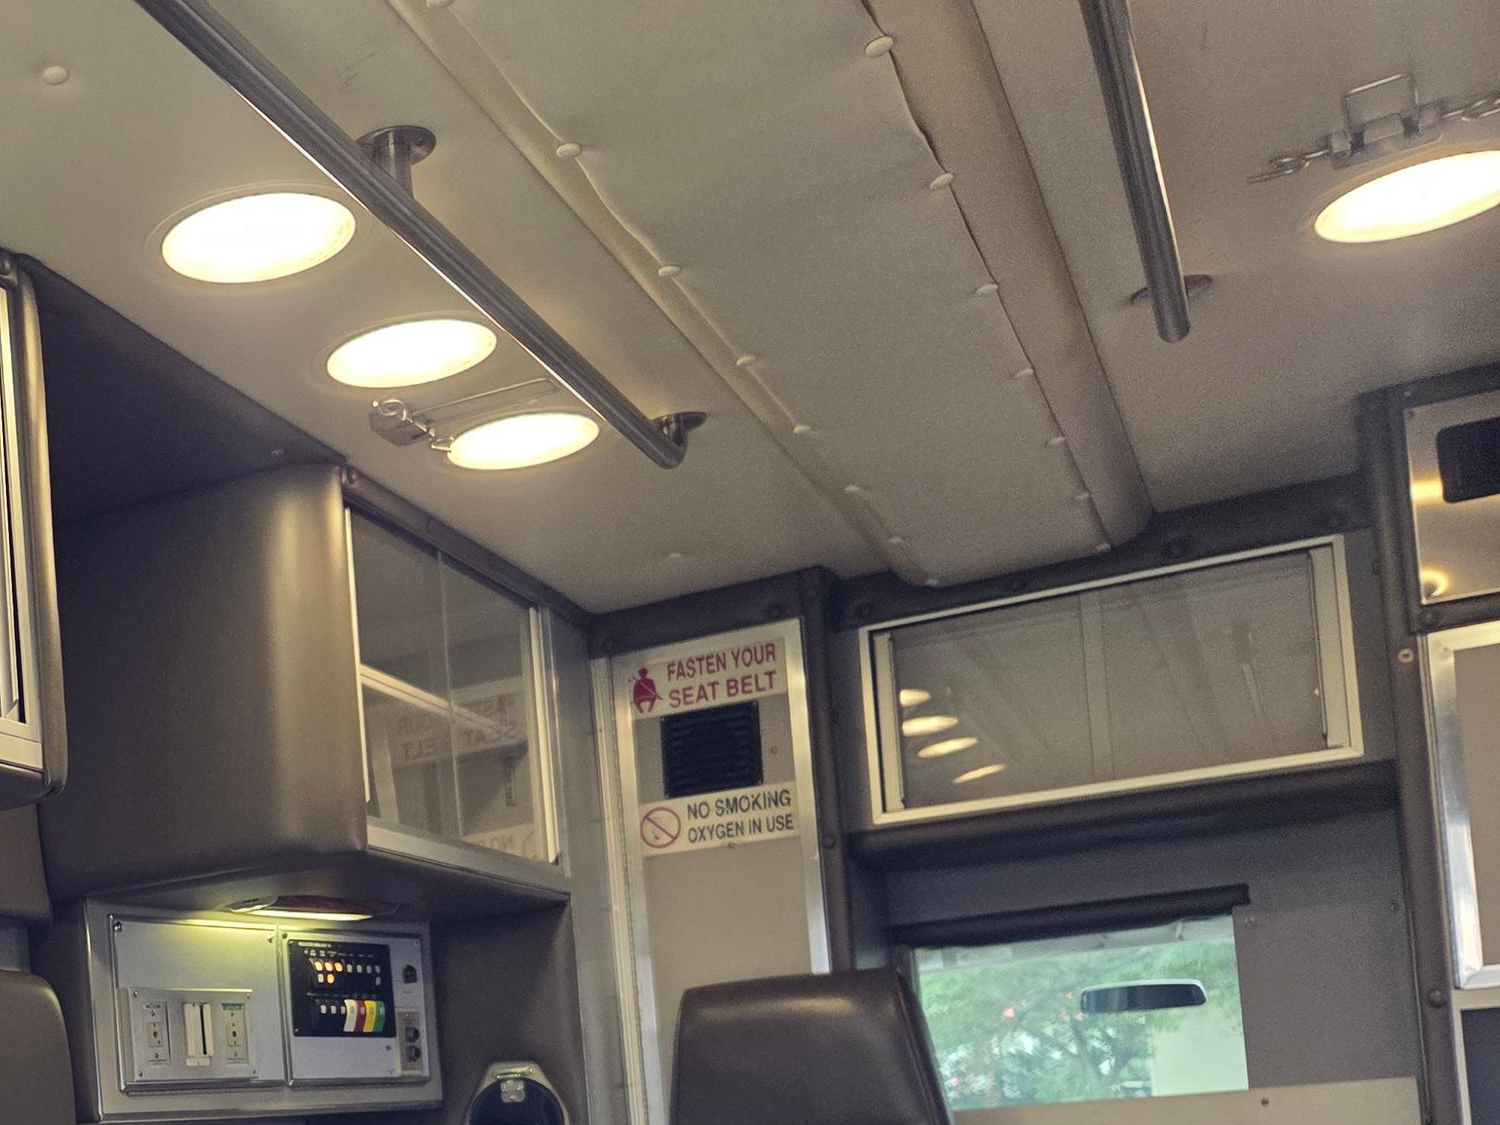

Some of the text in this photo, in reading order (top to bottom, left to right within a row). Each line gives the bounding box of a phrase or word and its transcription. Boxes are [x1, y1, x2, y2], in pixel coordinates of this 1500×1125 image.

[667, 642, 777, 682] FASTEN YOUR
[668, 669, 778, 709] SEAT BELT
[686, 788, 792, 821] NO SMOKING
[687, 814, 794, 844] OXYGEN IN USE
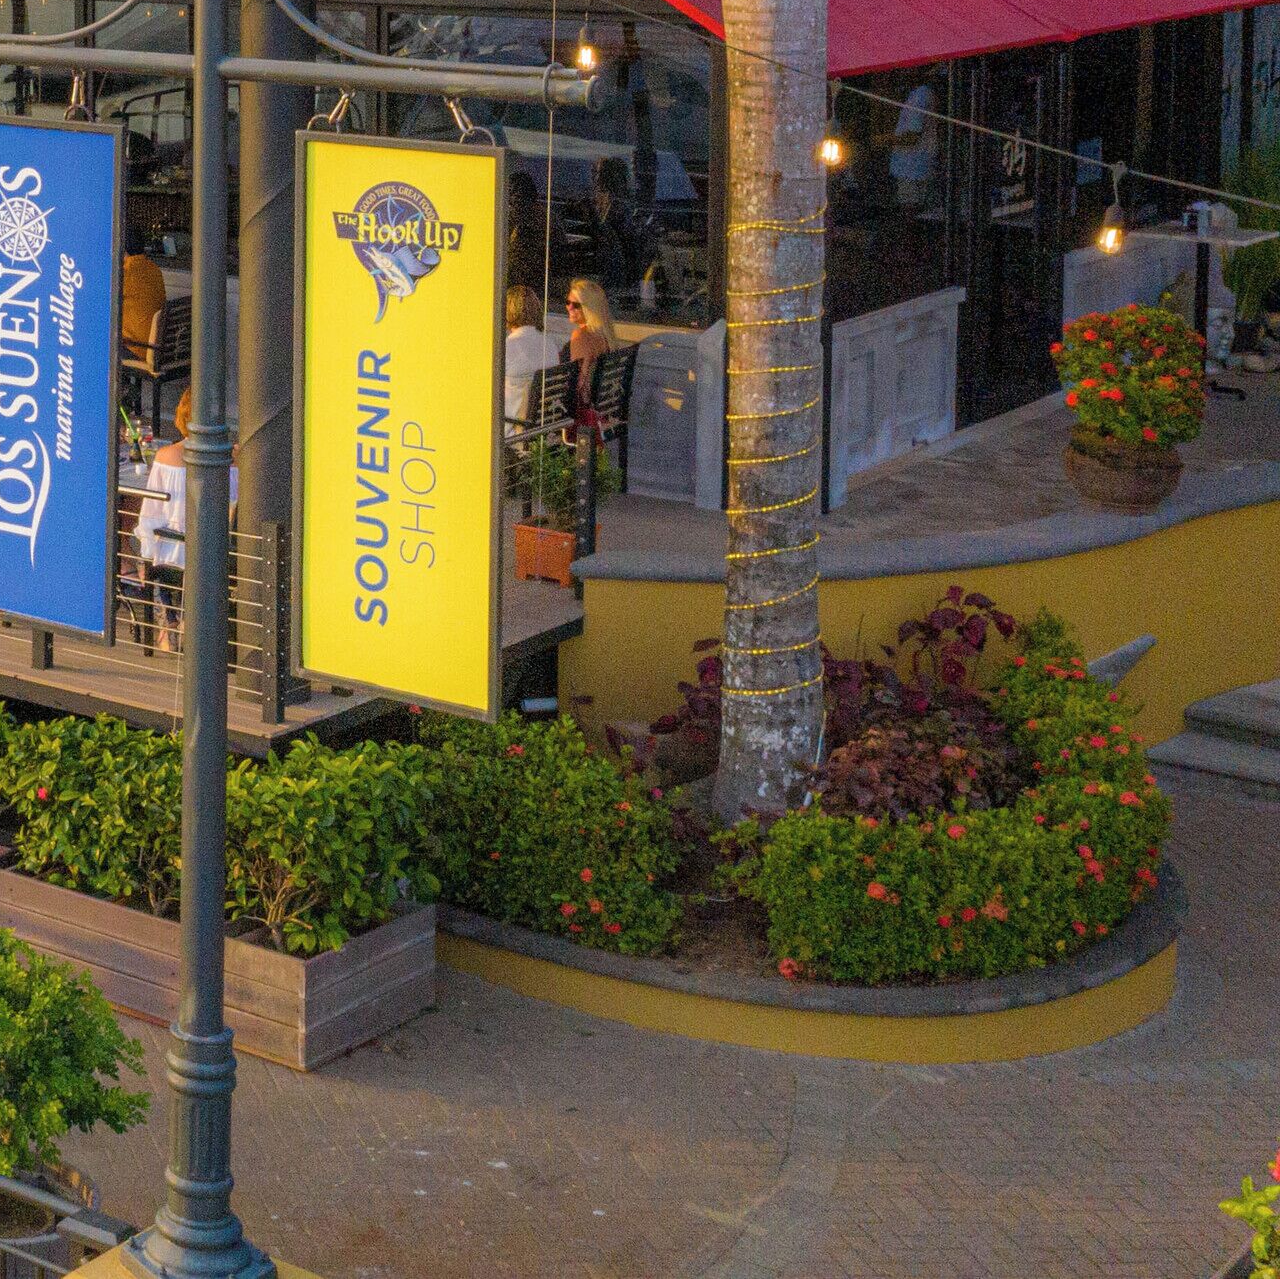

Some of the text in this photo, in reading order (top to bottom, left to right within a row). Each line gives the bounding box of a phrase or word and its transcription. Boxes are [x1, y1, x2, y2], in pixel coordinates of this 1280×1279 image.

[360, 192, 377, 213] GOOD
[399, 186, 421, 201] GREAT
[419, 198, 435, 221] FOOD
[49, 253, 83, 461] marina village
[354, 349, 391, 627] SOUVENIR
[399, 421, 437, 569] SHOP
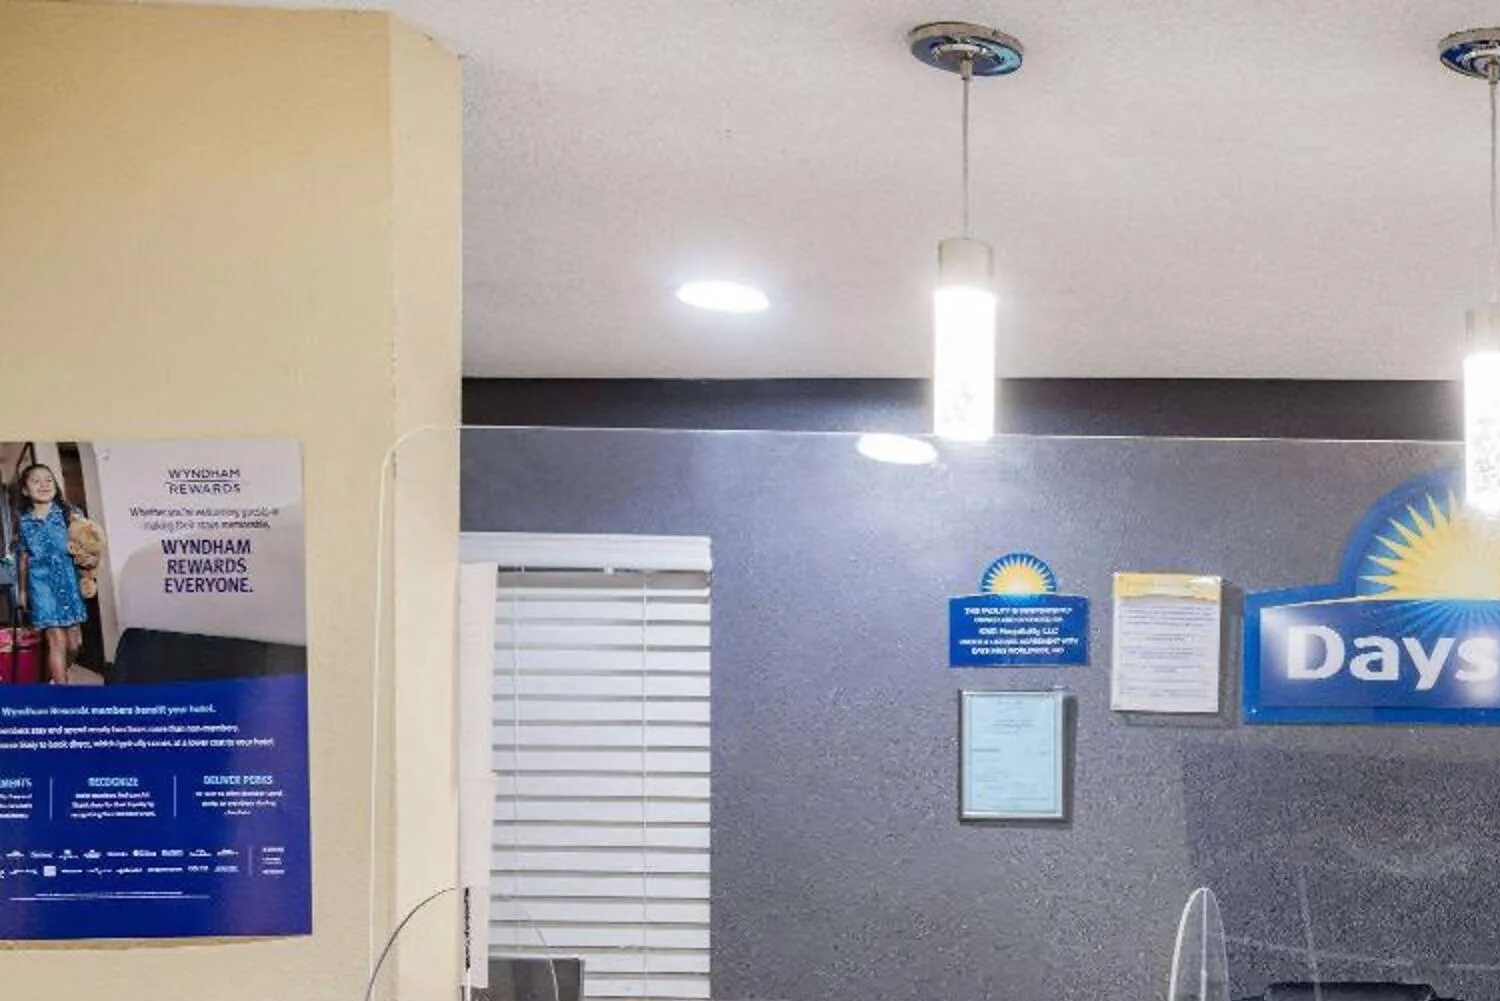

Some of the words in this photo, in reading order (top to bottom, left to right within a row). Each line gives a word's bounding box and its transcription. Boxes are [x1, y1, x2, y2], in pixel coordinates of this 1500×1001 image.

[168, 468, 241, 479] WYNDHAM
[168, 483, 241, 495] REWARDS
[161, 538, 252, 555] WYNDHAM
[167, 557, 247, 575] REWARDS
[164, 576, 254, 594] EVERYONE.
[1287, 624, 1499, 690] Days
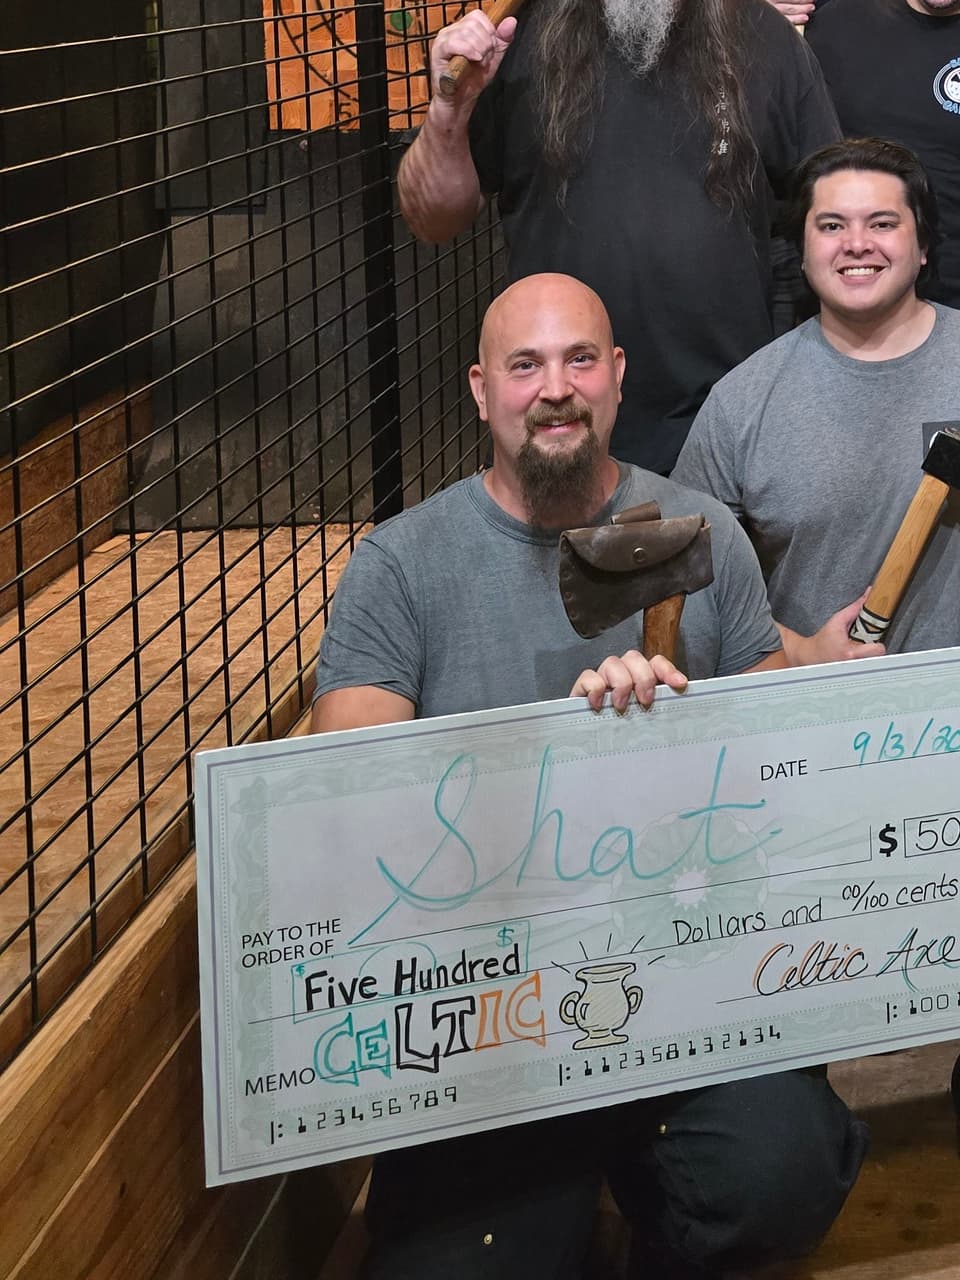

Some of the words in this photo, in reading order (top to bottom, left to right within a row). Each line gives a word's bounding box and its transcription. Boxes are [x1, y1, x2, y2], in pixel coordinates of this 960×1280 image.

[760, 758, 809, 782] DATE
[348, 742, 783, 946] Shat
[878, 823, 899, 858] $
[241, 930, 274, 949] PAY
[277, 925, 303, 943] TO
[305, 918, 342, 937] THE
[304, 970, 379, 1013] Five
[393, 943, 522, 997] Hundred
[672, 909, 767, 946] Dollars
[781, 897, 823, 929] and
[896, 872, 960, 907] cents
[241, 945, 306, 969] ORDER
[309, 939, 335, 956] OF
[752, 939, 870, 997] Celtic
[313, 970, 547, 1088] CELTIC
[244, 1067, 317, 1097] MEMO

******************************

▶ [What you will do]
No picture is to appear in the copy; every entry above is otherwise to be printed verbatim.

▶ [Written reply]
Some of the text in this photo, in reading order (top to bottom, left to right within a row). Each line gives the bounding box of a phrase or word and its transcription. Boxes are [x1, y1, x2, y2], in pixel coordinates of this 1500×1125 image.

[667, 642, 777, 682] FASTEN YOUR
[668, 669, 778, 709] SEAT BELT
[686, 788, 792, 821] NO SMOKING
[687, 814, 794, 844] OXYGEN IN USE

Some of the text in this photo, in reading order (top to bottom, left to right within a row). Each line gives the bounding box of a phrase or word and its transcription. Boxes are [x1, y1, x2, y2], in pixel coordinates of this 1280×1279 image.

[360, 192, 377, 213] GOOD
[399, 186, 421, 201] GREAT
[419, 198, 435, 221] FOOD
[49, 253, 83, 461] marina village
[354, 349, 391, 627] SOUVENIR
[399, 421, 437, 569] SHOP

Some of the words in this photo, in reading order (top to bottom, left to right within a row). Each line gives a word's bounding box and its transcription. Boxes are [x1, y1, x2, y2], in pixel coordinates of this 1500×1001 image.

[168, 468, 241, 479] WYNDHAM
[168, 483, 241, 495] REWARDS
[161, 538, 252, 555] WYNDHAM
[167, 557, 247, 575] REWARDS
[164, 576, 254, 594] EVERYONE.
[1287, 624, 1499, 690] Days

Some of the words in this photo, in reading order (top to bottom, left to right within a row). Each line gives a word's bounding box and its transcription. Boxes are [x1, y1, x2, y2], in pixel coordinates of this 960×1280 image.

[760, 758, 809, 782] DATE
[348, 742, 783, 946] Shat
[878, 823, 899, 858] $
[241, 930, 274, 949] PAY
[277, 925, 303, 943] TO
[305, 918, 342, 937] THE
[304, 970, 379, 1013] Five
[393, 943, 522, 997] Hundred
[672, 909, 767, 946] Dollars
[781, 897, 823, 929] and
[896, 872, 960, 907] cents
[241, 945, 306, 969] ORDER
[309, 939, 335, 956] OF
[752, 939, 870, 997] Celtic
[313, 970, 547, 1088] CELTIC
[244, 1067, 317, 1097] MEMO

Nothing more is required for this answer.